> **Problem statement**
Your copy should match the entries exactly, with no images carried over.

#### Source records ####

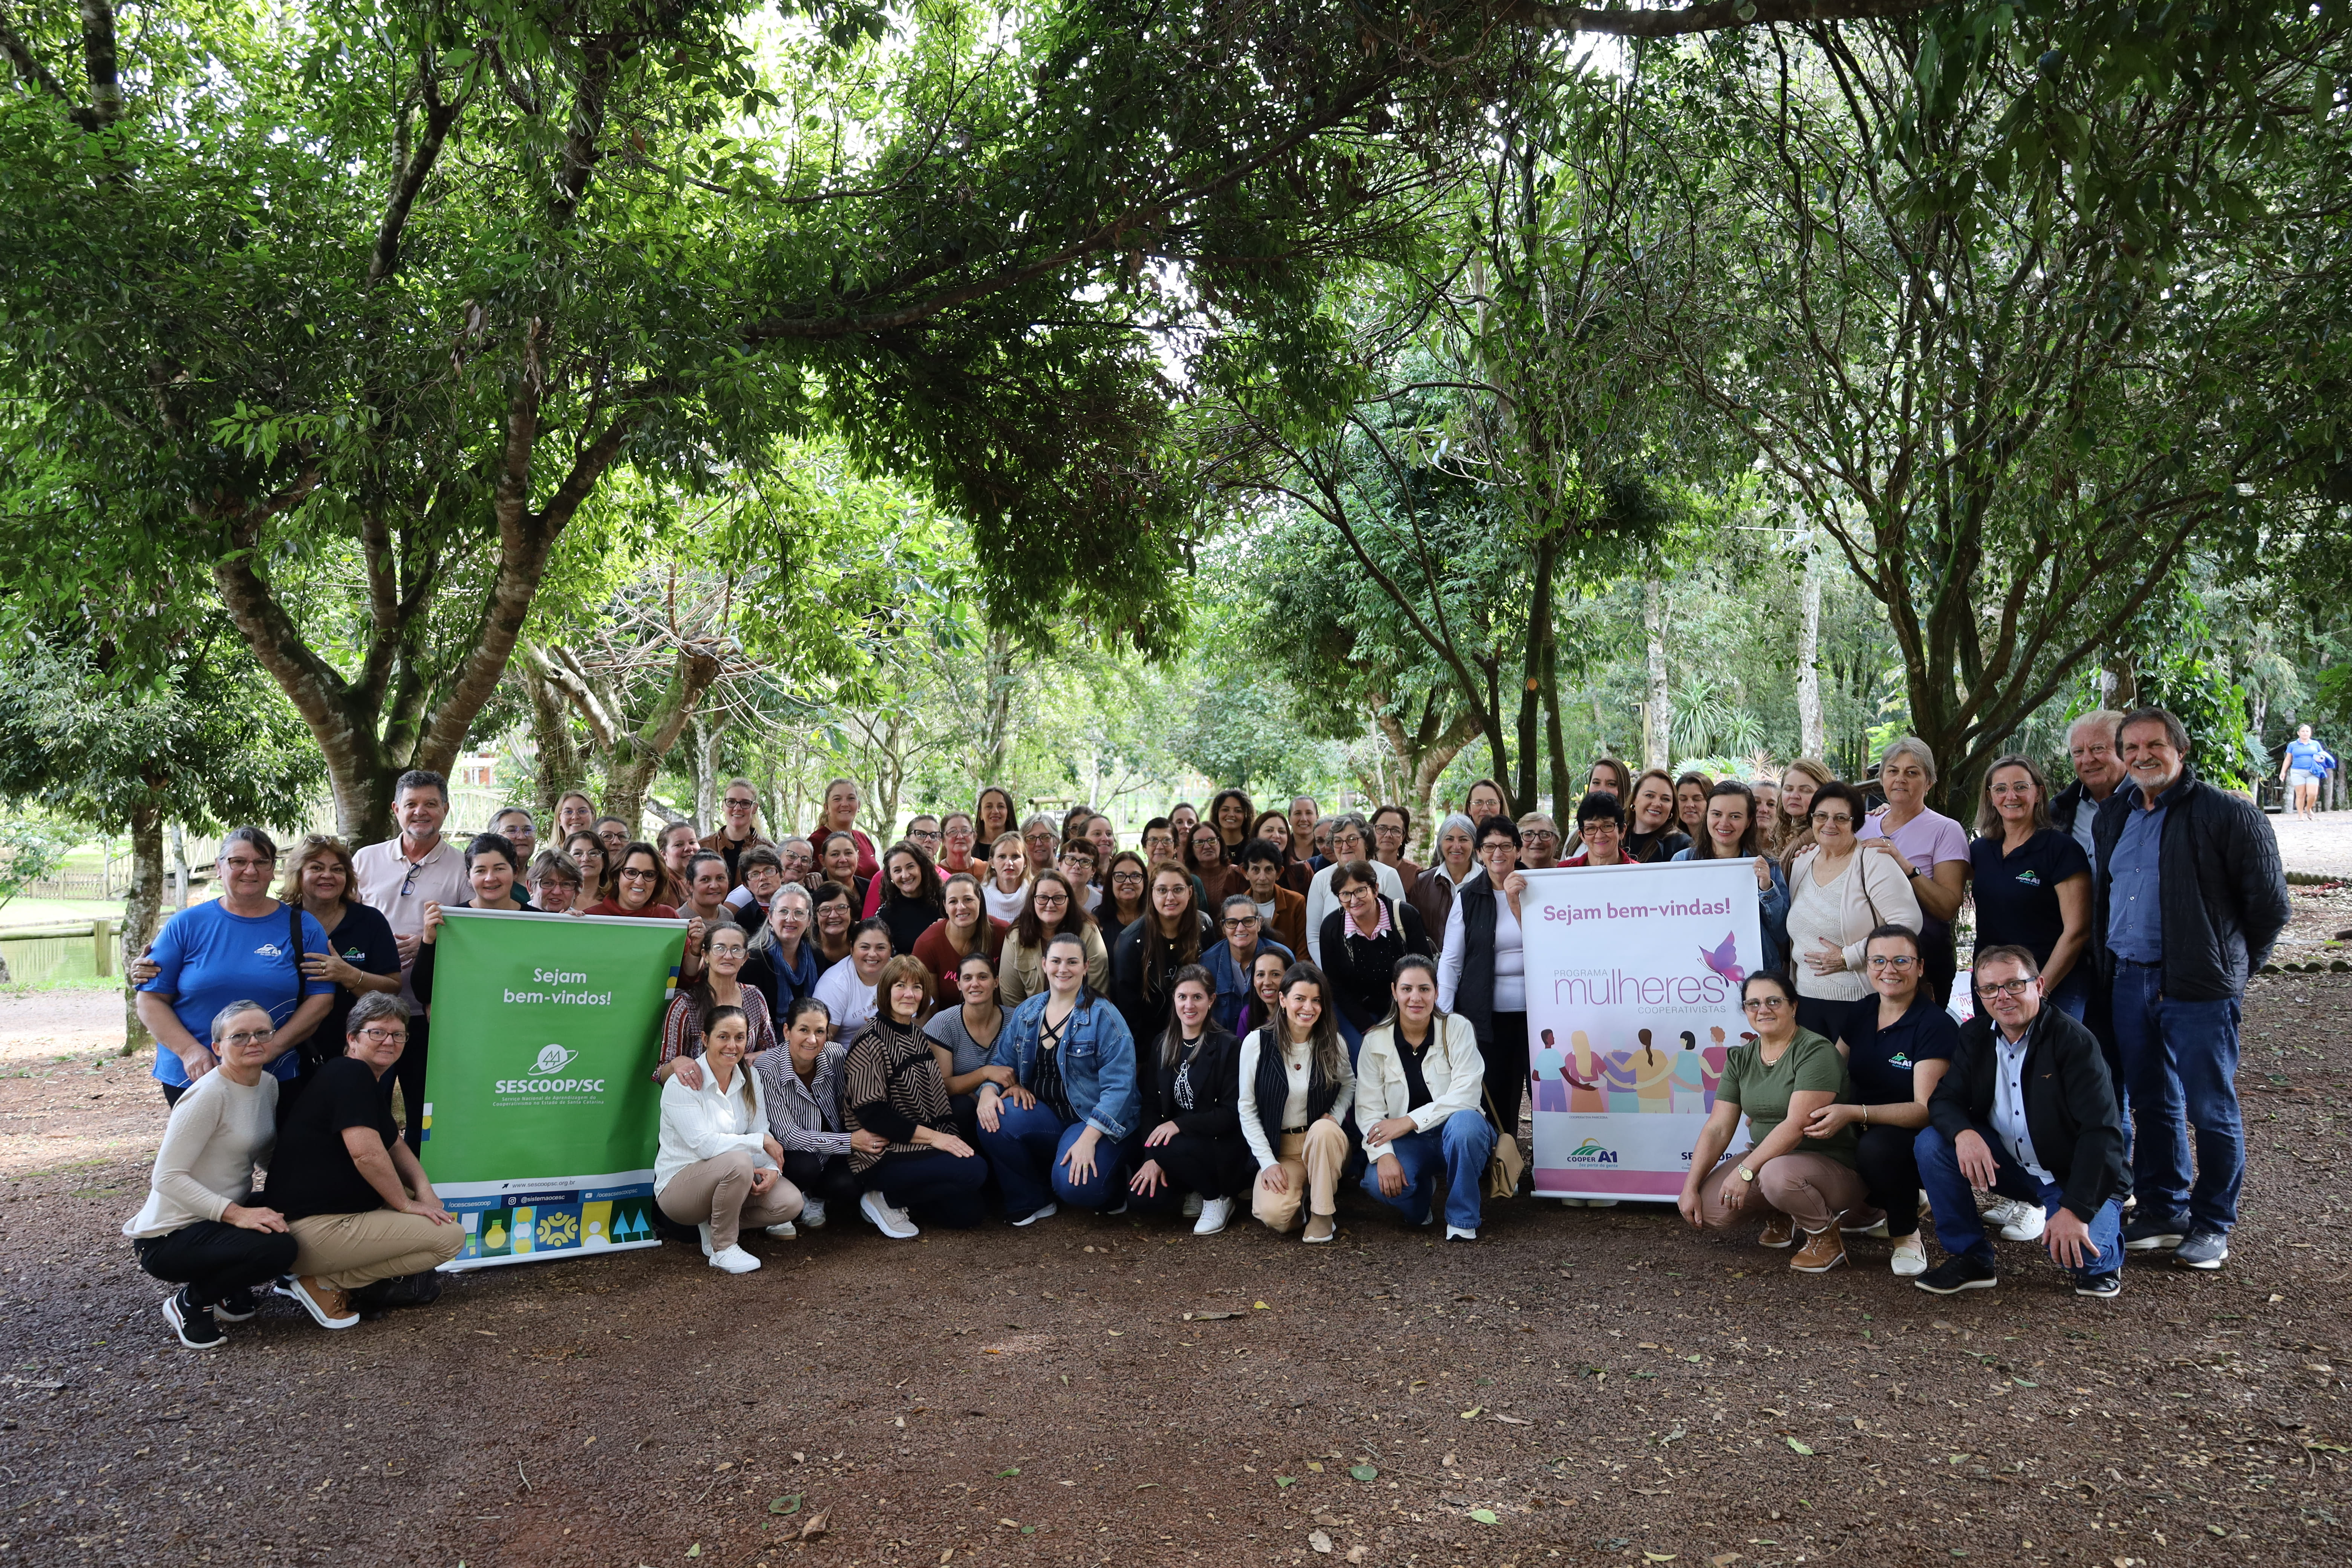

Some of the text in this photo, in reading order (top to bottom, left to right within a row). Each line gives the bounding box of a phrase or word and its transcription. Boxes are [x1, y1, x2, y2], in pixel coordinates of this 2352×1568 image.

[1544, 898, 1730, 925] Sejam bem-vindas!
[533, 968, 587, 986] Sejam
[1555, 968, 1726, 1005] mulheres
[504, 988, 611, 1005] bem-vindos!
[495, 1079, 605, 1093] SESCOOP/SC
[1598, 1151, 1617, 1162] A1
[521, 1195, 565, 1204] @sistemaocesc
[597, 1188, 638, 1197] /ocescsescoopsc
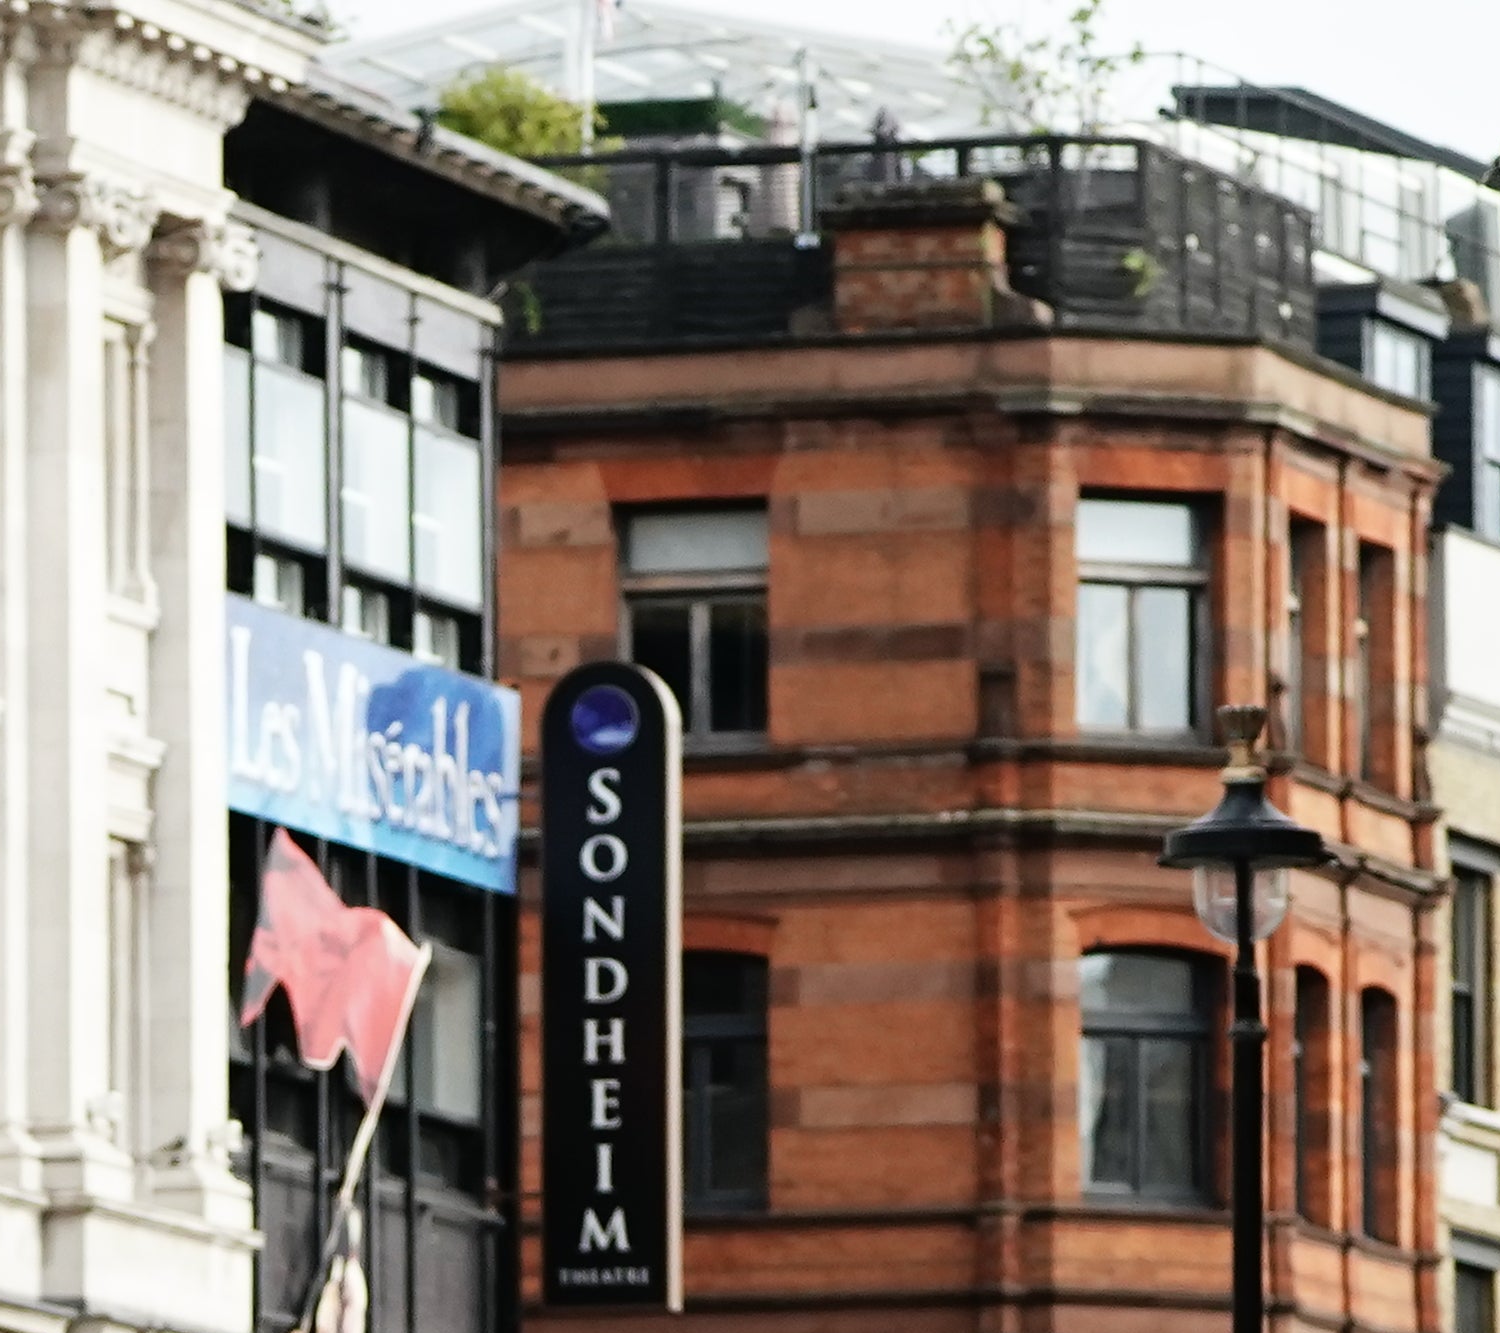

####

> **Solved exercise**
Some of the text in this photo, in reading order (top to bottom, left to right within a row). Each line gives the bounding box of a phrase or word and its transcription. Boxes are [x1, y1, x2, y2], in pixel coordinates of this 2352×1568 image.

[1544, 898, 1730, 925] Sejam bem-vindas!
[533, 968, 587, 986] Sejam
[1555, 968, 1726, 1005] mulheres
[504, 988, 611, 1005] bem-vindos!
[495, 1079, 605, 1093] SESCOOP/SC
[1598, 1151, 1617, 1162] A1
[521, 1195, 565, 1204] @sistemaocesc
[597, 1188, 638, 1197] /ocescsescoopsc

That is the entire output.